Lately, my anxiety and my feeling of inadequacy has lead to many sleepless nights. I am not restless. I just lay there and think about all the things that you aren’t supposed to think about. I dwell on the things that I have done wrong. I create scenarios in my head of how people must talk about me when I am not around. I can hear them laugh. It is quite egotistical when you think about it. To think that I matter enough to be talked about. Then I think about that.

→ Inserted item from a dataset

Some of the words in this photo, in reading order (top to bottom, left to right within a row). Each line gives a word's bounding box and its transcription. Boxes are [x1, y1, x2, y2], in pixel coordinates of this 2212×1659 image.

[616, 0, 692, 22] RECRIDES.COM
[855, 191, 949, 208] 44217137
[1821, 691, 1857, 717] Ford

What if I don’t matter enough? How simple would life be if I was not a part of it. Once again, this is not a suicidal thought, this is just a thought. I have no intentions of ending my life. When I start to think about Eli growing up with out a mommy it hurts me. All I can think about is how I almost lost my life and how scared I was. It still haunts me. I think about what my life would have been if I had never held that precious boy. And it hurts. I worry that one day I will be a burden to Eli. That he will never understand his mommy like I never understood my father. That he will never forgive me. I know I am my own bag of mixed nuts and I KNOW I am not my father but I never want Eli to have memories of me that are full of fear.

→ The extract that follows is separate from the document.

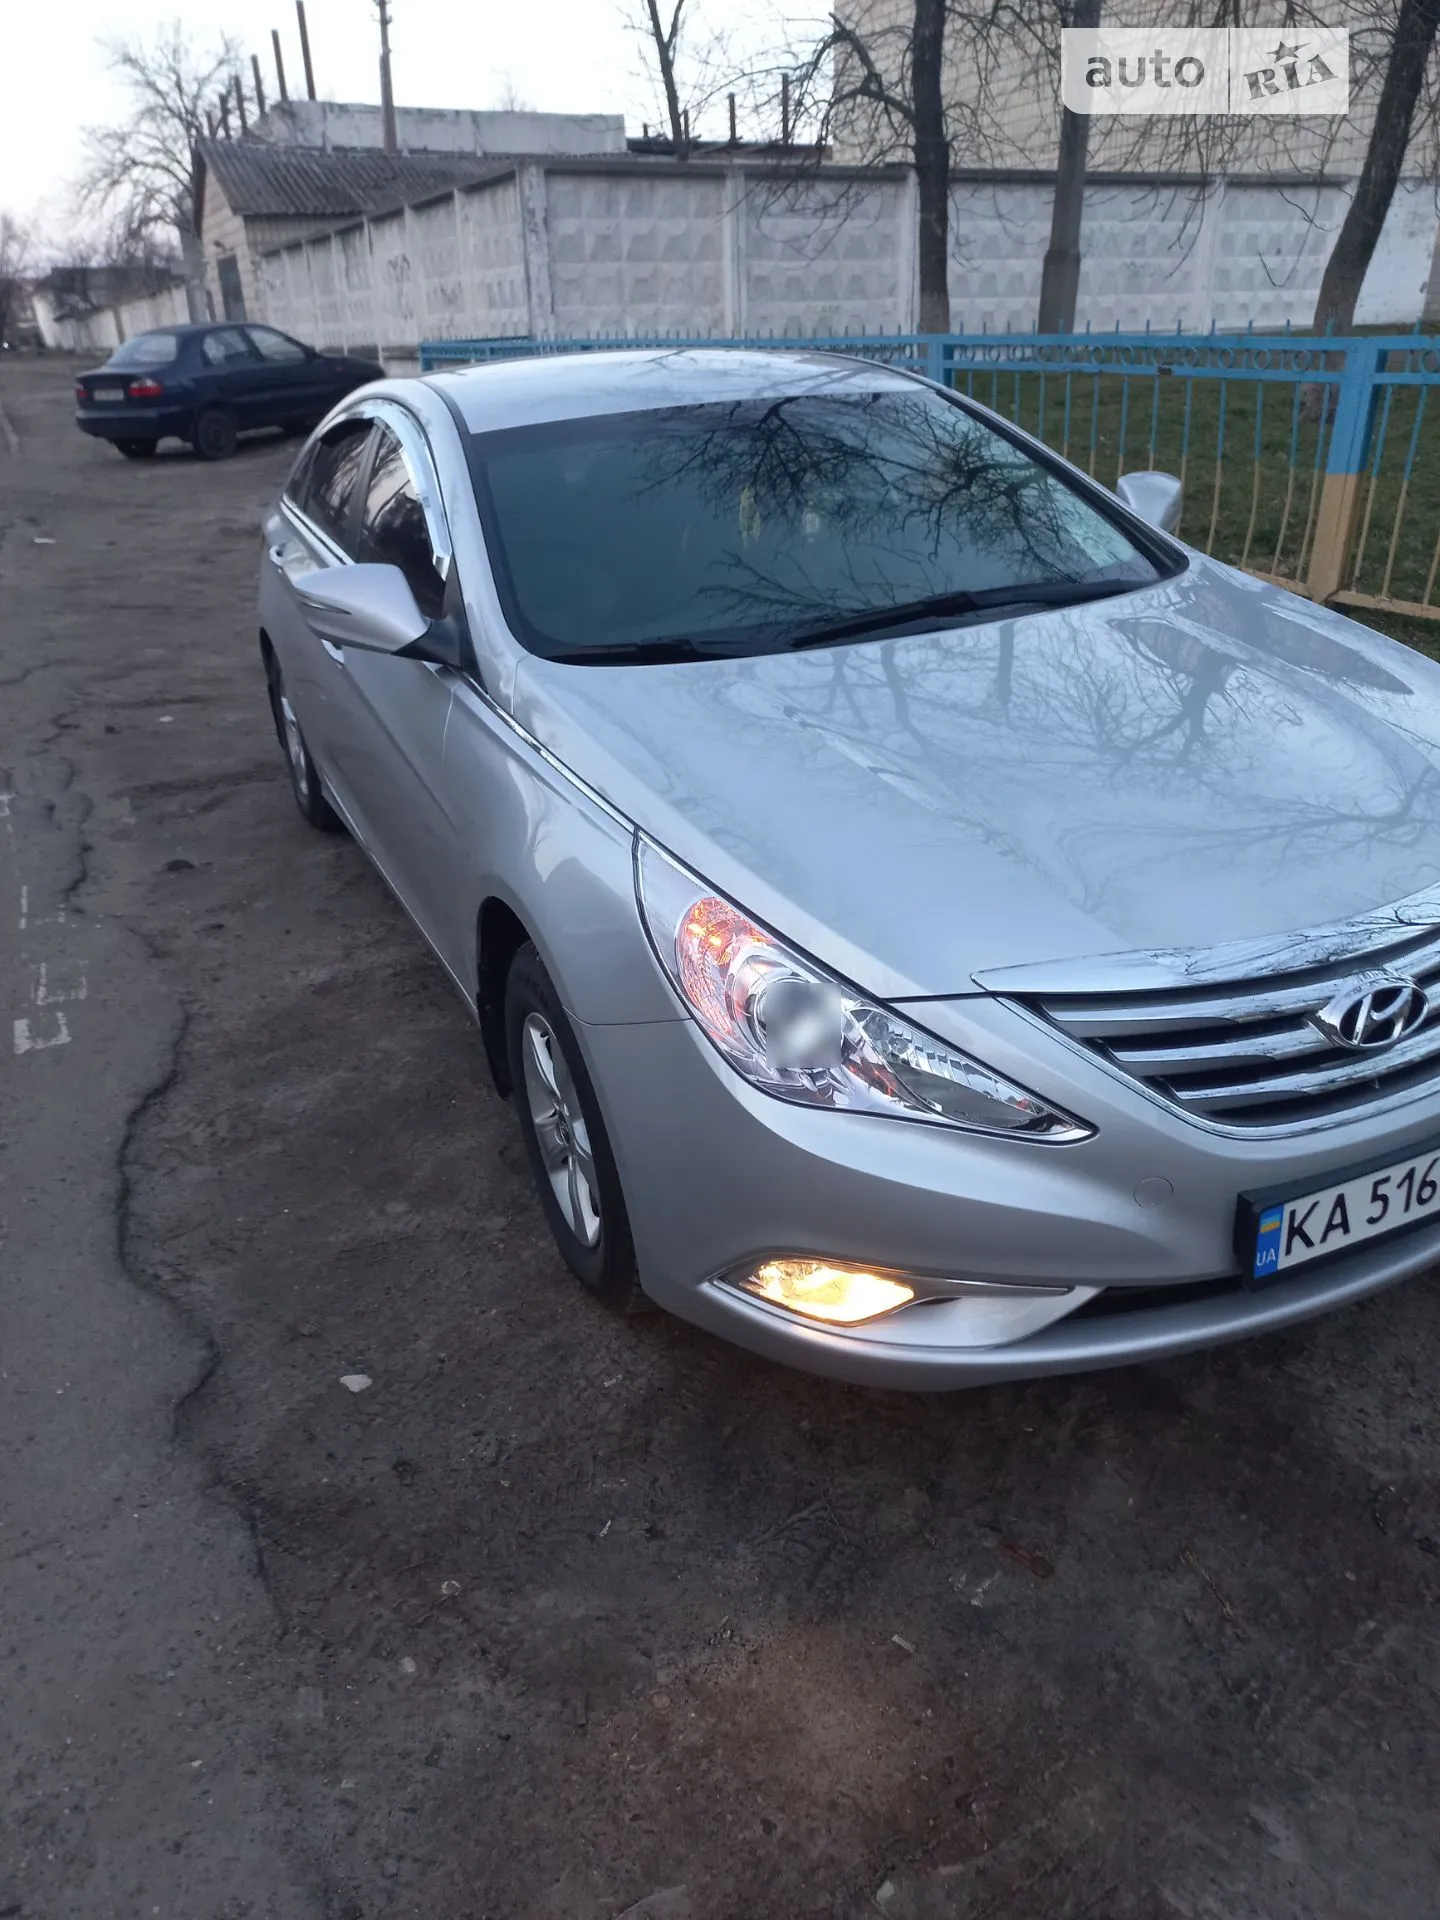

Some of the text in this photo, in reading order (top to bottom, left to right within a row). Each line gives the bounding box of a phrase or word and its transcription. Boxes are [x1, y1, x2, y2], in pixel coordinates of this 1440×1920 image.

[1284, 1156, 1440, 1256] KA 516
[1256, 1248, 1276, 1266] UA

And then the sun comes up. If I am lucky, Noah will lovingly take my hand and tell me to do what I need to do to make everything okay for me. Worst case, he says it through the baby monitor as he is changing Eli’s diaper. I will eventually emerge and Eli will be so happy to see me that it will set off a small spark in my heart. Sometimes it is enough for a few hours, sometimes only minutes. Either way, it is not his responsibility and it never will be. I just need him to love me. Just like I need Noah to love me. Knowing their love will be there at the end of this battle makes it simpler at times.
For now, I will go in to battle with my book on tape or binge watch some TV as my weapons because I still have not unpacked my coloring books. Noah will lay with me and stroke my hand as a tear or two roll down my face randomly and without permission. I will get through this. Just like I have gotten through every other trial of my health in my life. This is no different. I will win. It will just take time.
This Christmas they made these champagne bottles that are filled with chocolates. One of the chocolates that they have in them are Bounty bars that they really don’t have in the states. At least not in the South. So being the loving mother that I am, I got one for Eli for Christmas. And Eli, being the loving son that he is, has shared with everyone in the house. Now they are 50% off because they are out of season. Which begs the question, when do champagne bottle full of chocolate go out of season and why? I cannot think of a time when it would be inappropriate to bring someone a champagne bottle full of chocolate. If it is appropriate to bring champagne, then it is appropriate to bring a bottle full of chocolate. There is really no point to this post other than I am now going to go buy every champagne bottle of chocolate to either eat or give as gifts. Either way, this cannot go wrong.